The Reverse of the Medal by Patrick O’Brian

He was pleased with his young gentlemen too. Circumstances had compelled him, much against his will, to take no less than six squeakers, some of them first-voyagers, of no use to man or beast. But he always had been a conscientious captain, and these being all sons of sea-officers he had determined to do his best for them: he had not only shipped a schoolmaster, but he had made sure that his schoolmaster, who was also the chaplain, could teach them Latin and Greek. He had suffered much from his own lack of education and he wished these boys to be literate creatures, to whom the difference between an ablative absolute and a prolative infinitive was as evident as that between a ship and a brig; he therefore supported Mr Martin’s efforts with encouragement of his own, sometimes delivered with the victim seized to a gun, his bottom bare, but more often taking the form of sumptuous breakfasts in the Captain’s cabin or suet puddings sent below. The results were not perhaps quite all that might have been hoped for, since practical seamanship in often trying conditions had to take precedence, and it did not seem probable that a Bentley or a Porson would burst upon an astonished world from the midshipmen’s berth in

HMS Surprise; yet even so Jack could truthfully swear that the frigate had the most accomplished berth in the entire service. Often during the middle watch he would come on deck and call the reefer on duty over to join his pacing, desiring him at the same time to decline a Latin noun or conjugate a verb in Greek.

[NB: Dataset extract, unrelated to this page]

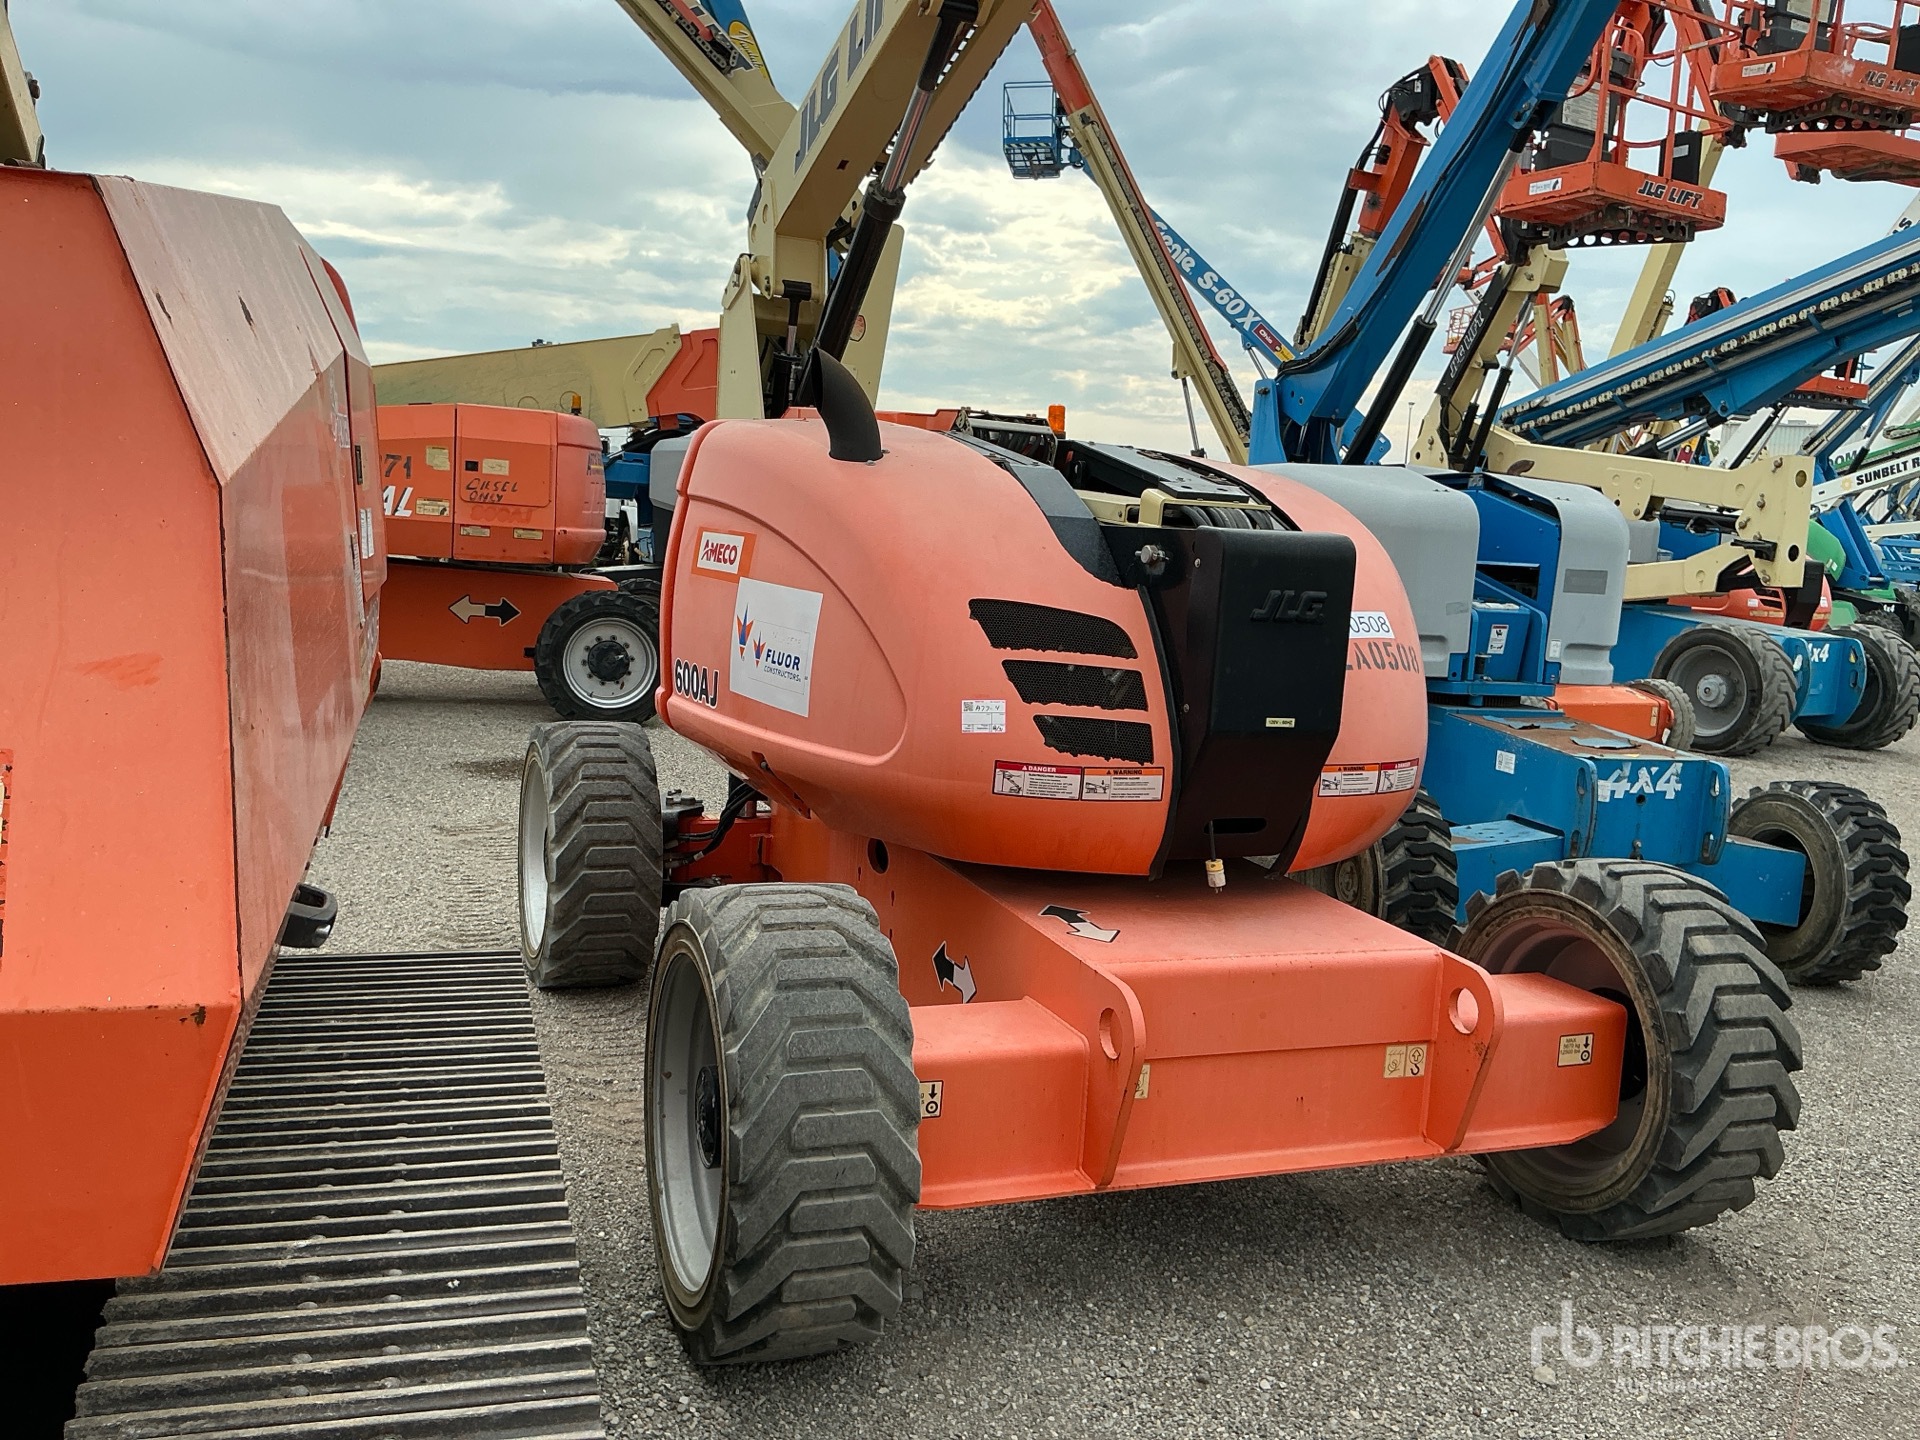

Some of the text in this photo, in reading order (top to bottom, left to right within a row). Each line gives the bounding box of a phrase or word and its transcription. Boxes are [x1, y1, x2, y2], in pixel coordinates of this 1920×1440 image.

‘They are decent youngsters,’ he said. ‘They are reasonably well based in simple navigation, and they have a tolerable notion of seamanship, particularly Calamy and Williamson, who are such old hands. And with all this Latin and Greek – why, their own families would hardly recognize them.’ This was no doubt true, for in addition to the Latin and Greek they had learnt much about the nature of the high southern latitudes, extreme cold, short commons, and the early stages of scurvy. In the course of learning Boyle had had three ribs stove in; Calamy had gone bald, and although he now had some downy hair it was not very beautiful; Williamson had lost some toes and the tips of both ears from frost-bite; Howard seemed permanently stunted, and want of teeth made him look very old, while Blakeney and Webber had suddenly shot up, all awkwardness, ankles, wrists and broken voices. They were also familiar with violent death, adultery and self-murder; but the knowledge did not seem to oppress them; they remained vapid, cheerful, very apt to race about the higher rigging like apes at play, to lie late in bed in the morning, and to neglect their duty at the least hint of fun elsewhere.

He had another cause for satisfaction in the frigate’s stores, so handsomely replenished in Bridgetown by the Admiral’s direct, insistent order. He and the bosun and the carpenter had had to ponder so heavily over the use of a few fathoms of cordage or a couple of deals for so long that it was a sensuous delight to move about among the bales, coils and casks, smelling pitch, paint, new rope and sailcloth and freshly-sawn wood. He had also laid in supplies of his own, so that he was able to return to his round of dinners, inviting his officers with a certain style in the traditional way: he liked all his officers, and he revered the traditions of the service.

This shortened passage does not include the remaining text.